Ella se volvió con una sonrisa radiante.

– Eso hago.

«Esto solo pasa en Nueva York», se dijo Gideon, removiendo el café y sintiéndose fuera de este mundo. Las palabras de Tom resonaban en su mente: «Espero que el tipo de las radiografías no sea amigo tuyo». Cabía la posibilidad de que el médico amigo de O'Brien estuviera equivocado. No sería la primera vez. Aun así, esa era la tercera opinión.

¿Habría sido más feliz no sabiéndolo? ¿Simplemente disfrutar de su último año en una feliz ignorancia? No. Aquello lo cambiaba todo. Sentía una extraña sensación de disociación. De repente, muy de repente, sus prioridades habían cambiado. Ya no tenía sentido conocer a alguien, plantearse formar una familia, progresar profesionalmente, dejar de fumar y preocuparse por el colesterol. De hecho, ya nada tenía sentido.

Tornó otro sorbo de café, intentando quitarse de encima la sensación de incredulidad. «Cada cosa a su tiempo.» Ya pensaría en ello más adelante. Por el momento tenía un trabajo que terminar.

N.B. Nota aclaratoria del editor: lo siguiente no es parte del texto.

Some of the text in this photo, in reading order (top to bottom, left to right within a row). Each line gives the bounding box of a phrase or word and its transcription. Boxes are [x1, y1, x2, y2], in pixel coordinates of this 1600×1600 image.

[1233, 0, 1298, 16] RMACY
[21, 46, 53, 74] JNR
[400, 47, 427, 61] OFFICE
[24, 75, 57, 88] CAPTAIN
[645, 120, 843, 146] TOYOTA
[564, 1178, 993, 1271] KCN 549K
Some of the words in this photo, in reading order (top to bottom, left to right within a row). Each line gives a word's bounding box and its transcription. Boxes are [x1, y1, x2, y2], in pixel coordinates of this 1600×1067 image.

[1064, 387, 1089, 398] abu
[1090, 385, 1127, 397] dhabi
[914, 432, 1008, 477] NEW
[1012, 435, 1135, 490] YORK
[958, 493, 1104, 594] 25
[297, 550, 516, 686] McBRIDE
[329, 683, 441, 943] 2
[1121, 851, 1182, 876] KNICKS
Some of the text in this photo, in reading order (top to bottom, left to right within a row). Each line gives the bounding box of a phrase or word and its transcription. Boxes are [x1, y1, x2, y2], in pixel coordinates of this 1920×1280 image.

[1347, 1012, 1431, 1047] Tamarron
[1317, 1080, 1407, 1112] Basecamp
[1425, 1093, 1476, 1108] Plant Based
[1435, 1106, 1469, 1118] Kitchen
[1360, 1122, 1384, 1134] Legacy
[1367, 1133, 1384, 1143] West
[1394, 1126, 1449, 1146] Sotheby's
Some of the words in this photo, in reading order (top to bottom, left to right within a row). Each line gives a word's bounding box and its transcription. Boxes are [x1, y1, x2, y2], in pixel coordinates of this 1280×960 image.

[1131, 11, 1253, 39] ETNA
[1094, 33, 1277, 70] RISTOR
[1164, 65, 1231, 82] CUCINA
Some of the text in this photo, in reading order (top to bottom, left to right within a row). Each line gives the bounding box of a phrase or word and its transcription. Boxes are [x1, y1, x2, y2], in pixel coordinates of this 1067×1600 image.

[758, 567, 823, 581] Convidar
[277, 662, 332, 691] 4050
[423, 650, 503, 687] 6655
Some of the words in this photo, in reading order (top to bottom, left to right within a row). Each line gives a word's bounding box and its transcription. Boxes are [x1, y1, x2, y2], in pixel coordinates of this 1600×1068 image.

Se obligó a volver mentalmente a la academia Throckmorton. Había dado en el clavo con el lema del colegio. Repasando la página web del centro, había descubierto casi por casualidad cierta información importante. Se trataba de una escuela muy exclusiva, reservada en extremo en todo lo concerniente a sus alumnos y personal docente, y particularmente especializada en el manejo de esos datos. Sin embargo, todas las organizaciones, al igual que las personas, tenían sus fallos, y el de Throckmorton estaba escrito en letras de molde: un amor propio desmedido. «Pectus est quod disertos facit.» Sí, desde luego.

La cuestión era cómo trazar un plan para aprovecharse de aquella debilidad. No eran idiotas. No podía presentarse de repente como el clásico ejecutivo financiero de éxito deseoso de encontrar un centro para su hijo. Sin duda ya conocían esa treta; la habrían visto varias veces y serían inmunes. Tampoco podía hacerse pasar por una celebridad, real o inventada. Google había acabado con eso tiempo atrás. Más bien necesitaba todo lo contrario: algo que estimulara de forma más sutil sus esperanzas, expectativas y prejuicios. Lo meditó, y una primera idea empezó a tomar forma en su mente. Por desgracia iban a ser necesarias dos personas para llevarlo a cabo. Mindy Jackson no le servía. Para empezar, estaba por ahí, siguiendo sus propias pistas y no daba el perfil. No. Tendría que hacerlo Orchid. Orchid sería perfecta. Descartó cualquier sentimiento de culpa por recurrir a ella nuevamente y se dijo que el fin justificaba los medios. Después de todo, ¿no le había dicho ella que la llamara?